The Bank of Canada (BoC) made its regularly scheduled interest rate announcement this morning, and decided to leave the target for the overnight rate at 0.50%. The BoC has held its key rate steady since it last changed in July 2015. The BoC will not have another opportunity to raise or lower interest rates until the third week of January.
“There have been ongoing gains in employment, but a significant amount of economic slack remains in Canada, in contrast to the United States,” the BoC said via press release. “While household imbalances continue to rise, these will be mitigated over time by announced changes to housing finance rules.”
Governor Stephen Poloz has come out in favour of the new mortgage rules, which are shifting risks away from the government and on to mortgage providers. The rules also make it more difficult for buyers with down payments of less than 20% to qualify for a mortgage. This announcement reaffirms the BoC’s stance that consumers taking on mortgages they can’t afford is a major risk to the Canadian economy. It also suggests the regulator is more worried about the risks in Canada’s real estate market than other sources of consumer debt like credit card spending.

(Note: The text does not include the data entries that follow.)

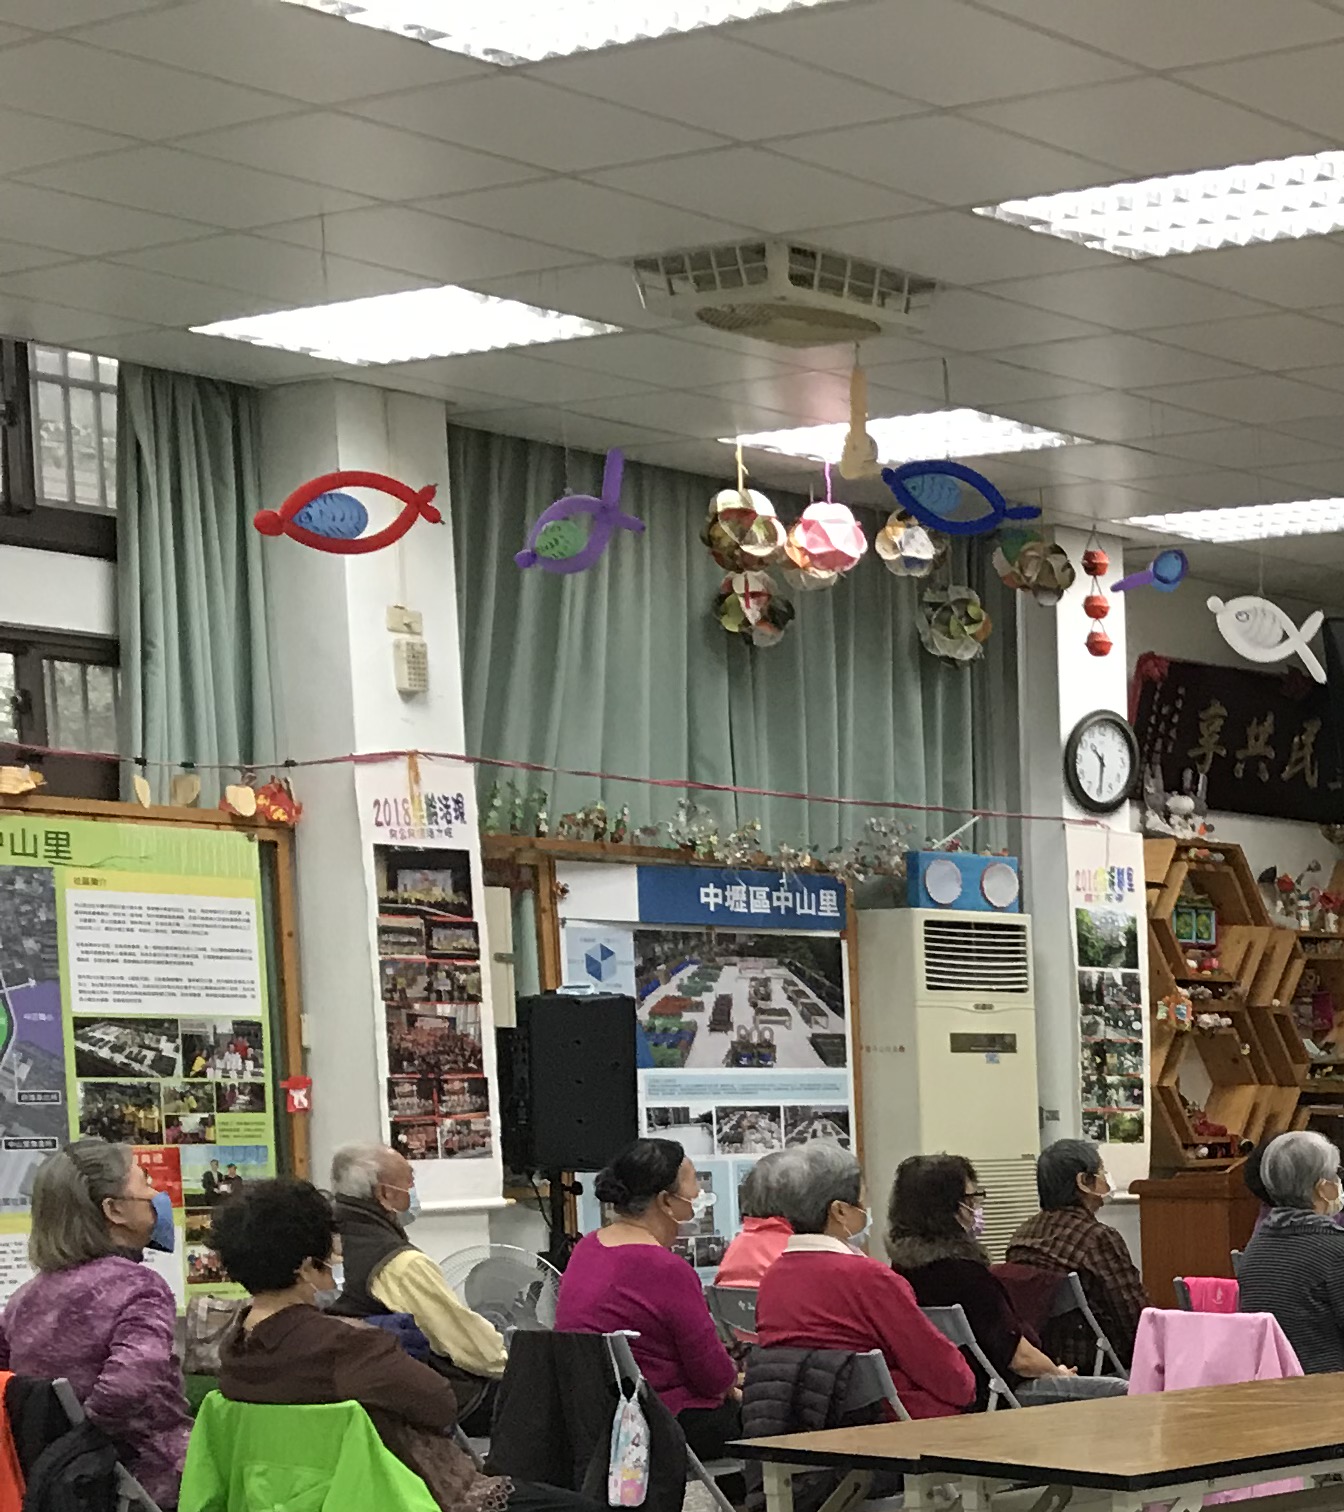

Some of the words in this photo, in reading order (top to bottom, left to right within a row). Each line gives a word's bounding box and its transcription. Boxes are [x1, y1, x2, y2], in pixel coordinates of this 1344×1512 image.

[0, 828, 73, 860] 山里
[699, 882, 840, 917] 中壢區中山里
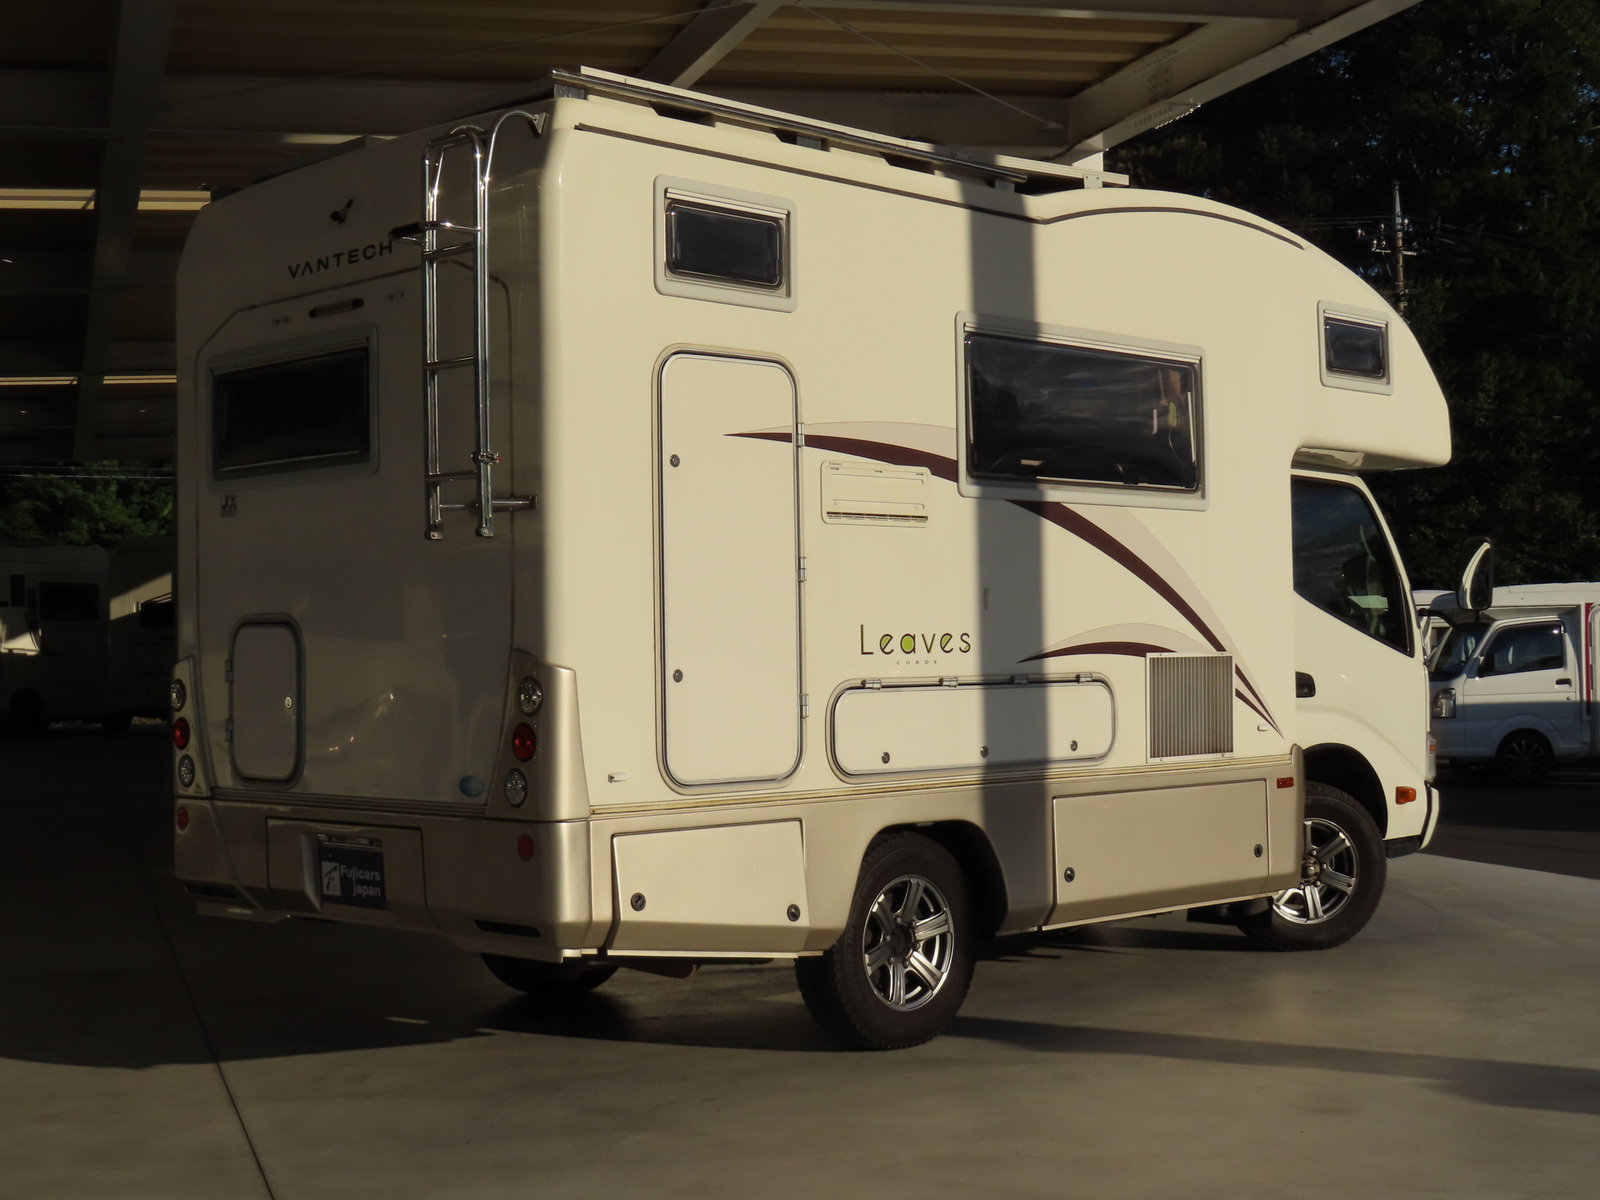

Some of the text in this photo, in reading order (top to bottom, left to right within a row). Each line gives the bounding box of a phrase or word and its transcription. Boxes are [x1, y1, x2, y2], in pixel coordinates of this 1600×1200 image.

[287, 240, 393, 279] VANTECH
[860, 623, 972, 655] Leaves
[340, 864, 381, 882] Fujicars

In its release, the BoC said the US economy is “near full capacity.” South of the border, the United States Federal Reserve is set to make its interest rate announcement next Friday and economists agree it’s extremely likely they will choose to raise rates. If they do, it will be the first time since 2007 that the key interest rate in the U.S. will be higher than here at home. Canada’s economy is now firmly lagging behind that of the United States, due mainly to our exposure to the oil crash. There’s also uncertainty over what a Trump presidency will mean for the cost of doing business with our closest neighbour and trading partner.

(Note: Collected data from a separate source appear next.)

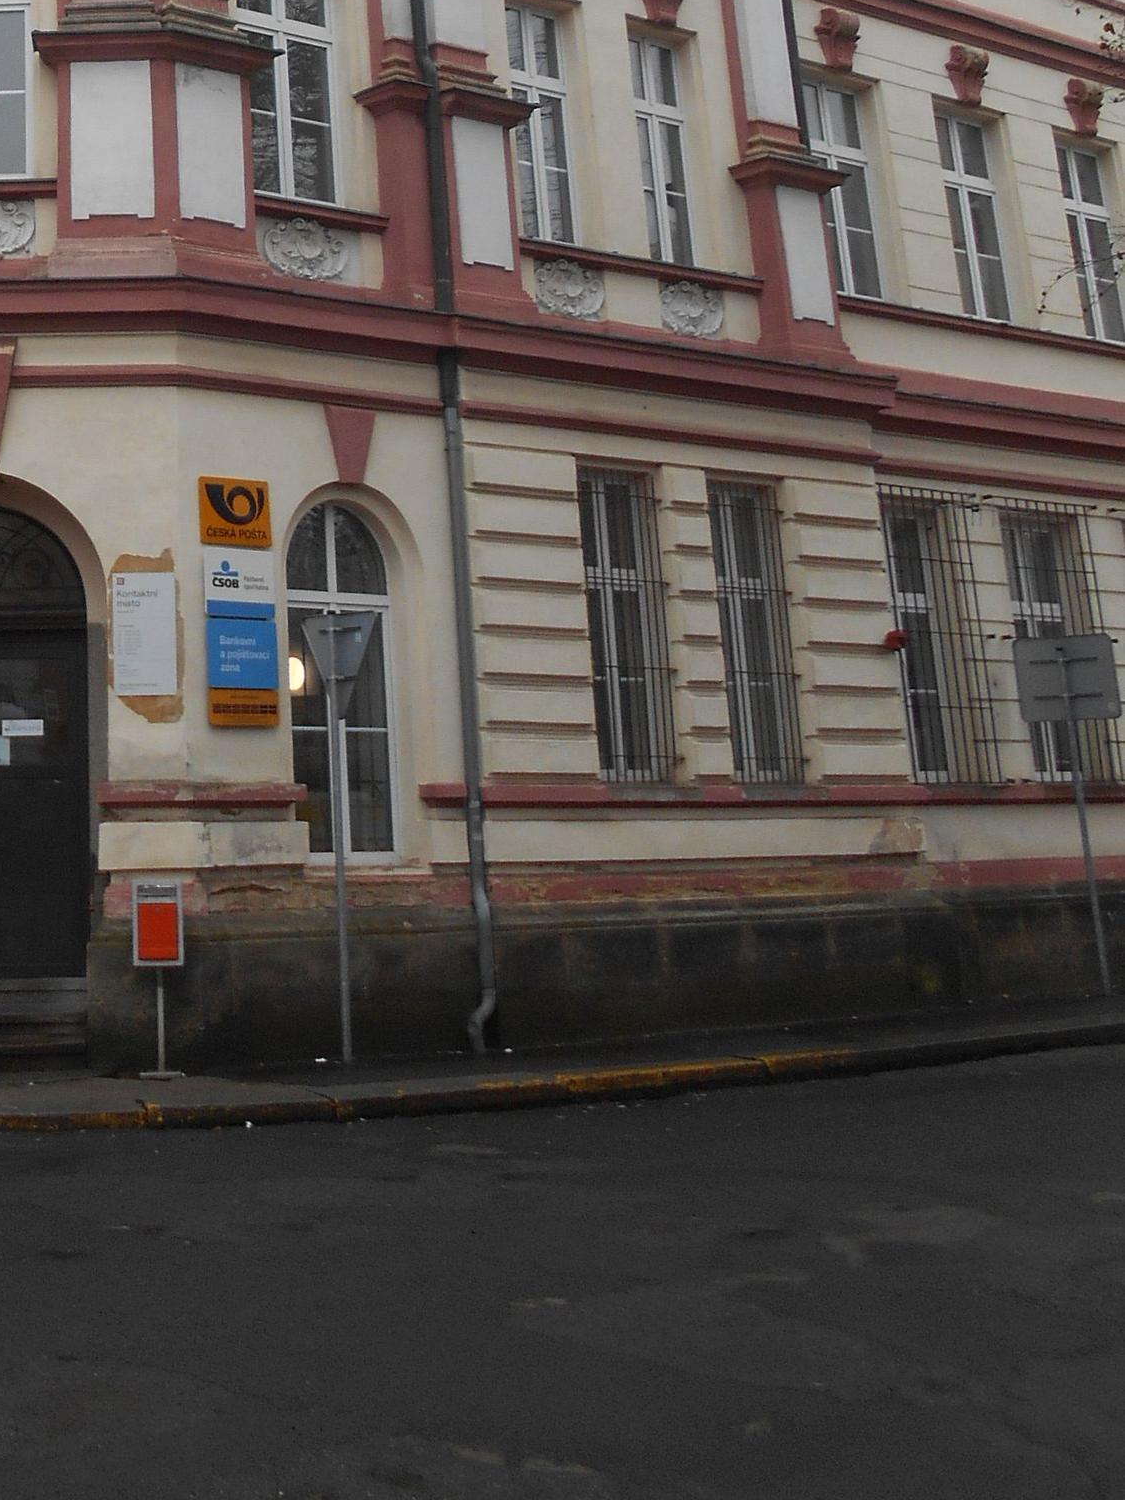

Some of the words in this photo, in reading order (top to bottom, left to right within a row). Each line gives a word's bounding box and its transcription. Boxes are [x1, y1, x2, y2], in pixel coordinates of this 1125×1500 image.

[206, 525, 236, 539] ČESKÁ
[239, 527, 268, 541] POŠTA
[212, 576, 240, 588] ČSOB
[117, 588, 158, 598] Kontaktní
[219, 635, 256, 646] Bankovní
[219, 650, 226, 659] a

Just because the BoC has chosen to hold rates steady for a year and a half now doesn’t mean everybody has enjoyed stable rates—especially when it comes to mortgages. TD Canada Trust chose to raise its mortgage prime rate on Nov. 1 from 2.70% to 2.85%, even though the BoC had not changed interest rates. Typically the prime rate is directly tied to the BoC’s target for the overnight rate. But in this case, changing mortgage rules led TD to act unilaterally. No other banks have attempted the same move yet, but the precedent is set that could allow them to move at any time. Currently the best mortgage rates for new 5-year variable terms are just below the two per cent mark, at 1.98% (prime minus 0.72%).

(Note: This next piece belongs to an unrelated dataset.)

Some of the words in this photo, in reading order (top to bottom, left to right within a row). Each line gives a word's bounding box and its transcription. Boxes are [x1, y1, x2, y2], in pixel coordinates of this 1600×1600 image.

So what does today’s announcement mean for you? By holding rates steady, the BoC has spared Canadians an immediate rate increase on variable-rate loans and lines of credit (including mortgages). In the past, we would have been confident saying existing mortgages would enjoy the same rate until at least the next announcement. But based on recent events, that’s just not a guarantee. The most we can say is the BoC didn’t hand the banks another reason to raise rates, on top of the growing list of reasons they already have.
The next Bank of Canada interest rate announcement is scheduled for Jan. 18, 2017.